Jueves, 04 de Junio de 2026

Juan Vicente Yago
Jueves, 20 de Junio de 2019

El desnivel

Uno de cada seis universitarios valencianos no acaba la carrera, y en toda España son uno de cada cinco. Es un porcentaje desmesurado, escandaloso, absolutamente inverosímil si tenemos en cuenta que se trata de chavales que han pasado la infancia jugando al Fortnite y a otros muchos juegos informáticos que, según tienen demostrado los científicos, dejan la mollera hecha un primor. Por eso, y porque a base de fijar su mente durante días enteros en unas pantallas diminutas han conseguido inmunizarla contra cualquier distracción, resulta inexplicable que la universidad suponga para ellos, desde sus mismos inicios, un obstáculo insuperable. No se sabe a ciencia cierta si el fallo está en los contenidos de la secundaria obligatoria, si los jóvenes llegan a la universidad mal orientados o si les exigen esfuerzos titánicos, pero el caso es que uno de cada seis estudiantes en Valencia y uno de cada cinco en España encuentra insalvable de toda insalvabilidad el desnivel que hay entre la enseñanza secundaria y la universitaria.

 

No acaban la carrera, se rinden, abandonan; o empiezan un periplo dramático de facultad en facultad, sufriendo una vez y otra la humillación de comprobar que no son capaces de asimilar nada con la debida sufi ciencia. Luego, ya sin autoestima ninguna, desisten de su idealismo primigenio y toman el camino, más hacedero y práctico, de alguna formación profesional, con lo que una parte del abatido pelotón arriba sin mayores descalabros al concurrido puerto del trabajo. Queda, sin embargo, la parte más vulnerable: aquéllos que tampoco logran dominar el temario de la profesionalidad y se hunden, consternados, en el aniquilamiento del oficio azaroso.
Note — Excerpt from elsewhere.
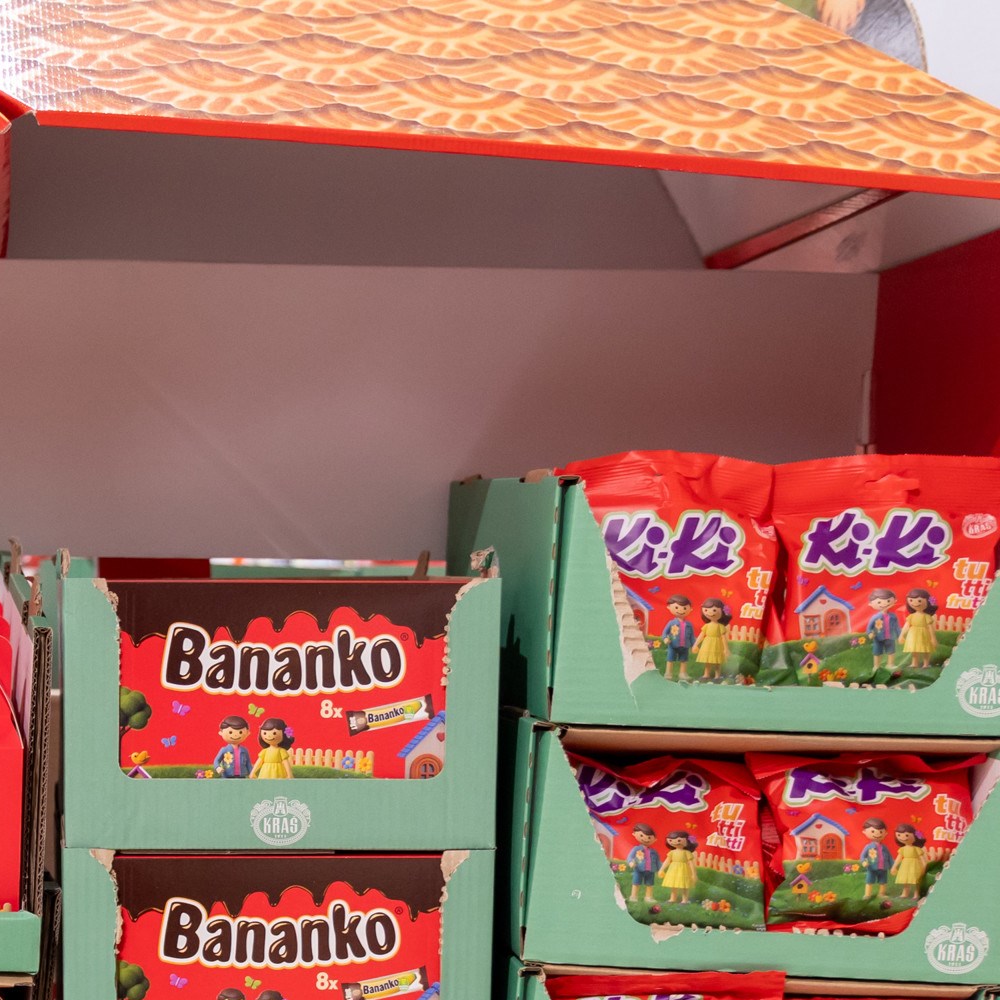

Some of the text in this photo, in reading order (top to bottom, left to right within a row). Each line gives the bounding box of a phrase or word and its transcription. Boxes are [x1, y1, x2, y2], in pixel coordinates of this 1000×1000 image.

Rúan y se despean, aturdidos, desengañados, beodos, voceando habilidades traspasadas o inventadas; abren el zaquizamí clandestino, fundan el negociete abisal, practican el remiendo a deshora; y si la necesidad o el capricho aprietan hacen la visita nocturna, gatopardesca, de sombra en sombra y silbido para dentro, al camello de guardia, inaugurándose intoxicadores al por menor de lo propio y lo ajeno.

 

Es el grandísimo desnivel en cuya parte inferior están los proyectos y las perogrulladas, el caldo gordo a los padres y la ignorancia cooperativa, el miedo a perder alumnos y la novedad a ultranza, la enajenación táctil y el abandono de la escritura manual, el bufonismo docente y la directiva inquietante, mientras que arriba se mantiene la curiosidad universitaria por el saber, la exigencia inherente al aprendizaje superior y el carácter vanguardista, en las fronteras del conocimiento, de la cátedra y la investigación. Retumban, al fondo, los truenos de la natalofobia y el fragor espantable de muchos colegios en falso.